• _The task_
The records that follow are to be copied word for word. Pictures should be omitted.
:: Data section ::
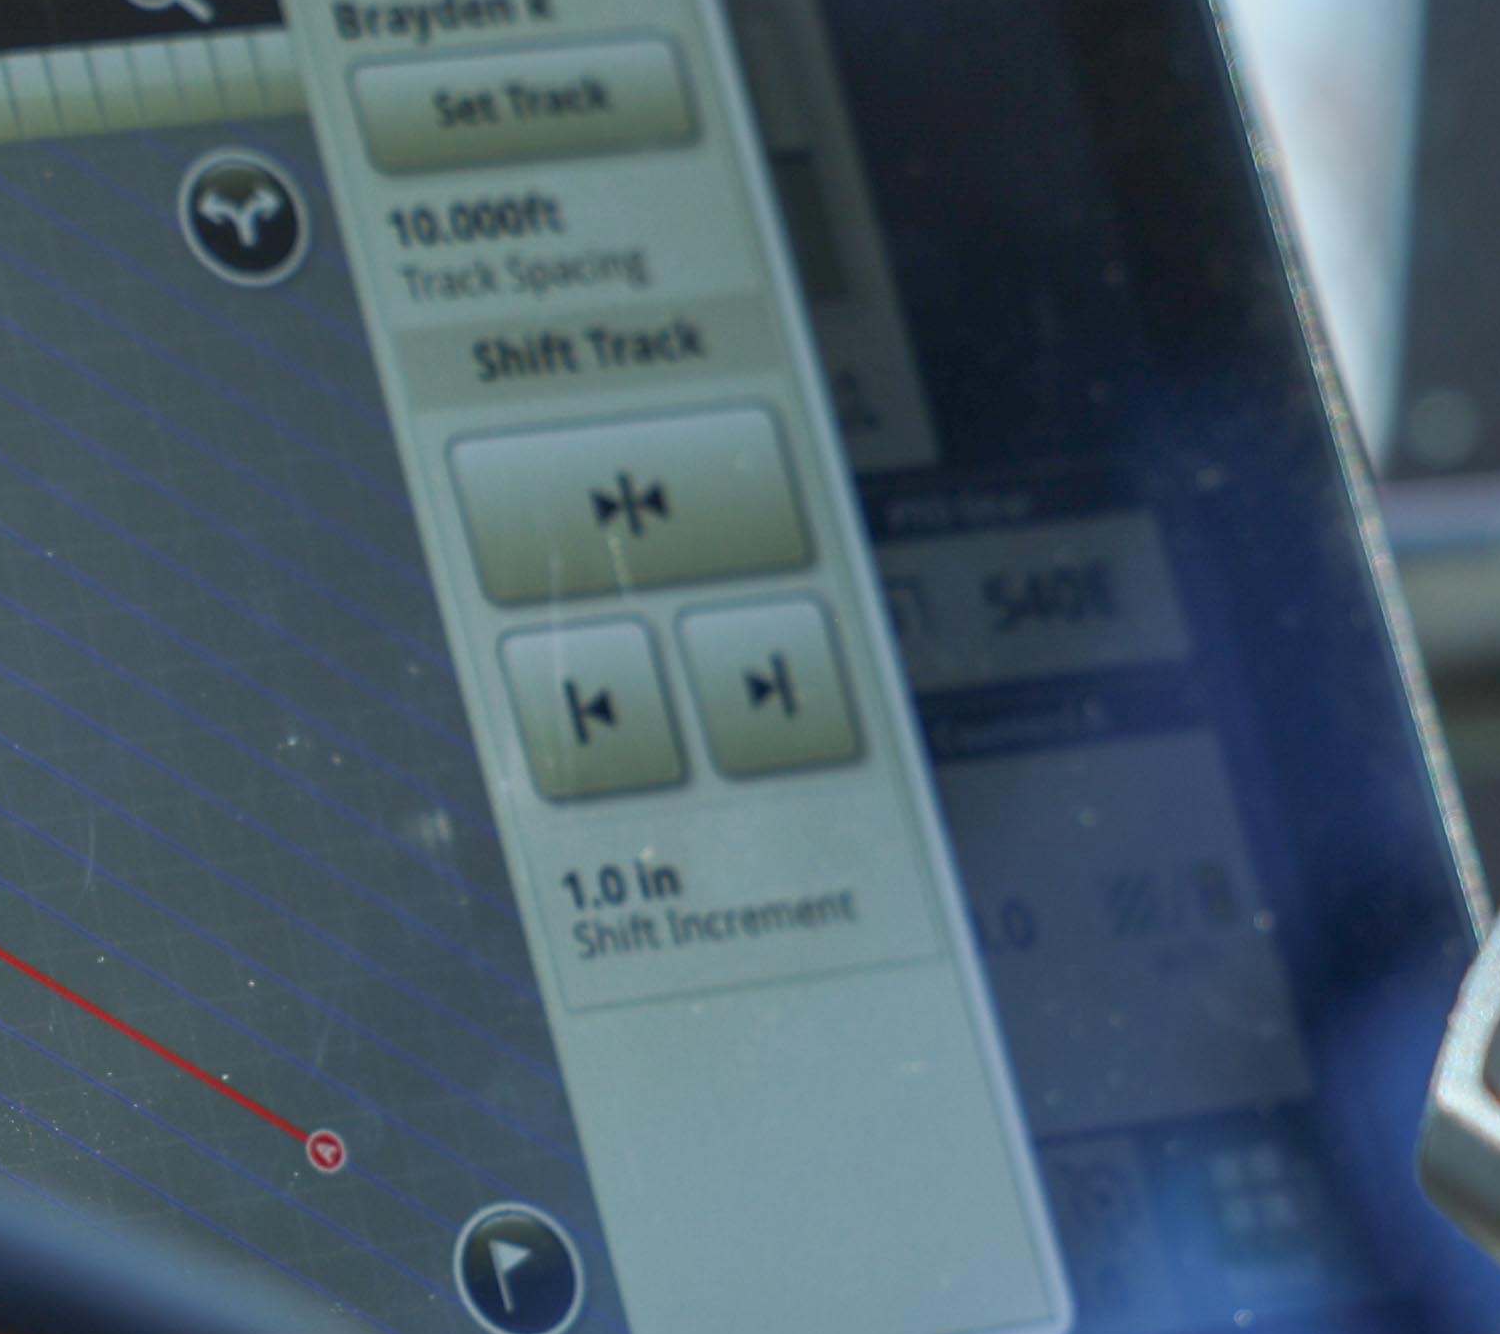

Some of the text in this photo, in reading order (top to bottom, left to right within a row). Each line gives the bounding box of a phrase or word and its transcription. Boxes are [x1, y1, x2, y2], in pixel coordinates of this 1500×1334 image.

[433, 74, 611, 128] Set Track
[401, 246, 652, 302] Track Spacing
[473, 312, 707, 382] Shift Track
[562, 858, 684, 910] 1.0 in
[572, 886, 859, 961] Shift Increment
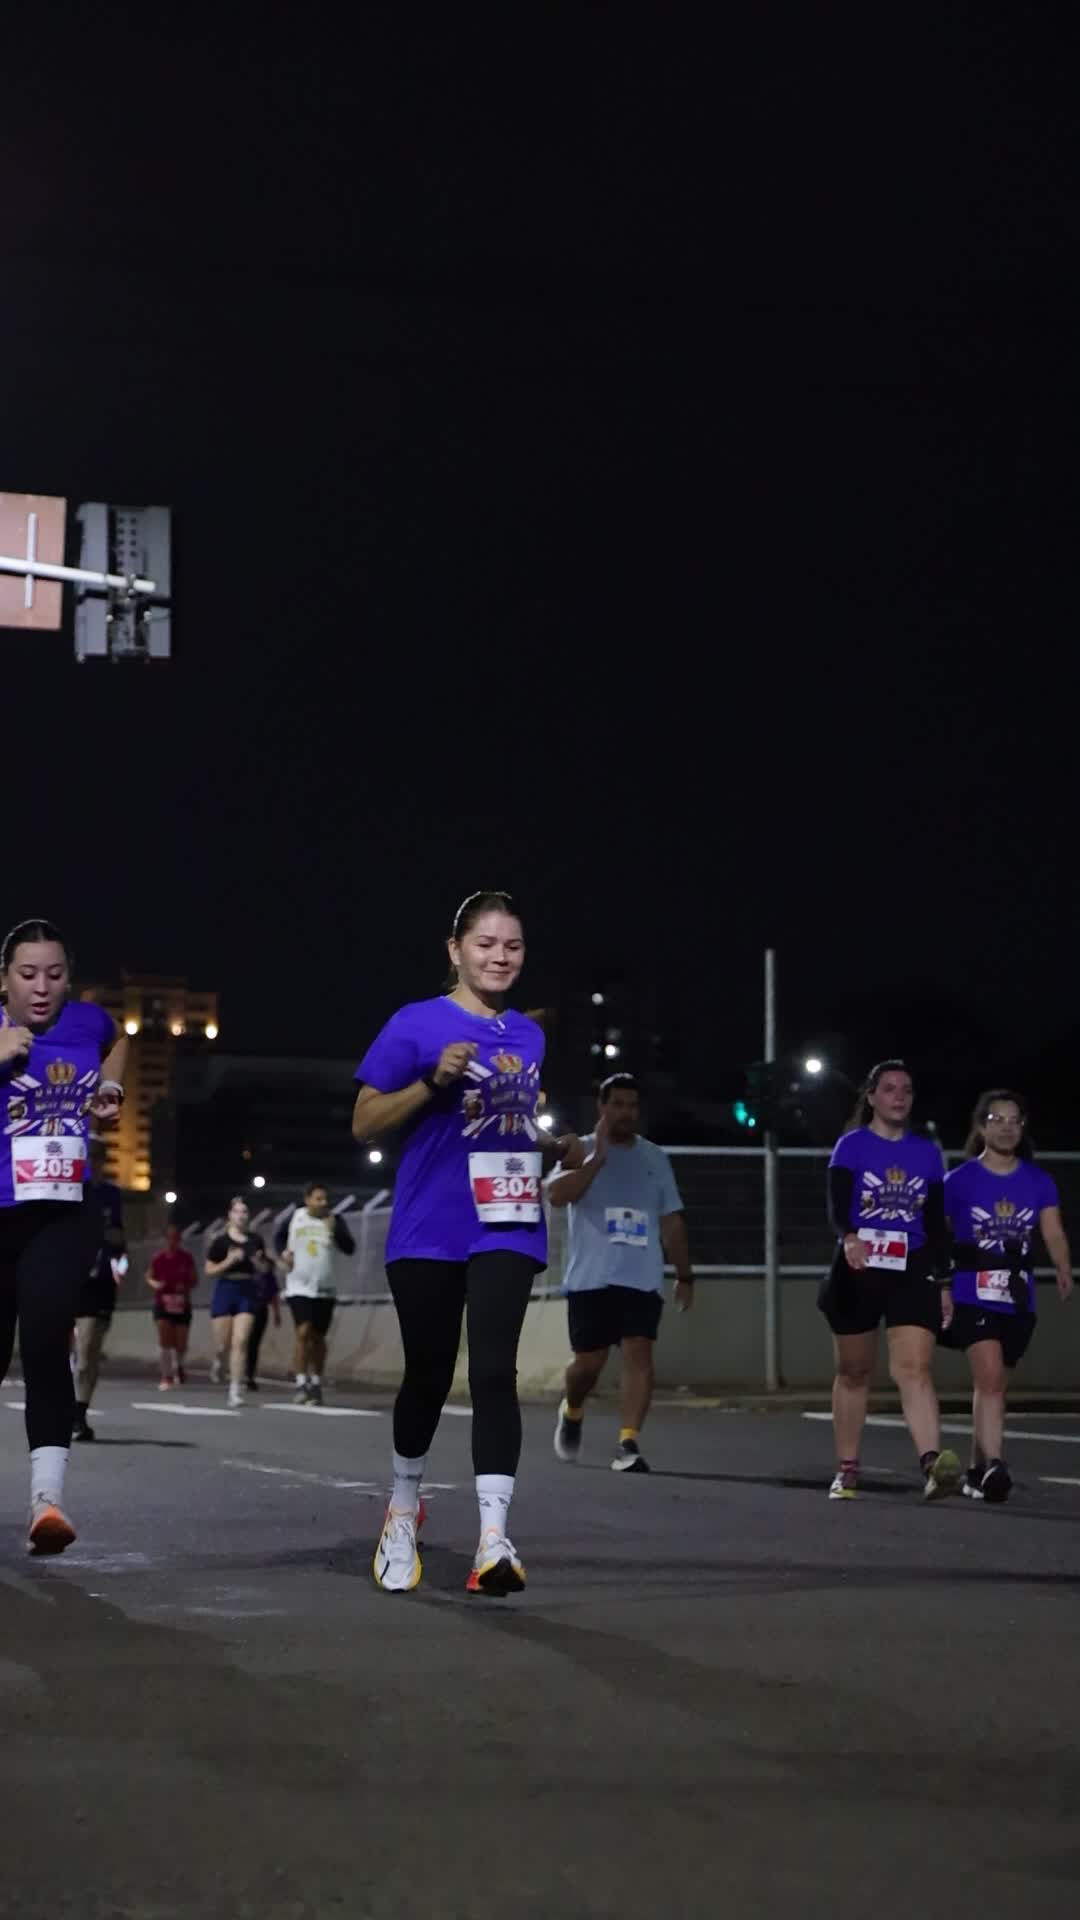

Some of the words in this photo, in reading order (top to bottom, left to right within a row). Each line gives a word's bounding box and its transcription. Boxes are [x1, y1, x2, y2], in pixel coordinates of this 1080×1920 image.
:::
• _Solution to this exercise_
Some of the text in this photo, in reading order (top to bottom, left to right within a row). Each line gives the bounding box of a phrase or word and its transcription. Boxes are [x1, y1, x2, y2], in pixel coordinates of this 1500×1334 image.

[433, 74, 611, 128] Set Track
[401, 246, 652, 302] Track Spacing
[473, 312, 707, 382] Shift Track
[562, 858, 684, 910] 1.0 in
[572, 886, 859, 961] Shift Increment

Some of the words in this photo, in reading order (top to bottom, left to right within a row). Each line gives a word's bounding box and its transcription. Boxes are [x1, y1, x2, y2], in pixel coordinates of this 1080×1920 image.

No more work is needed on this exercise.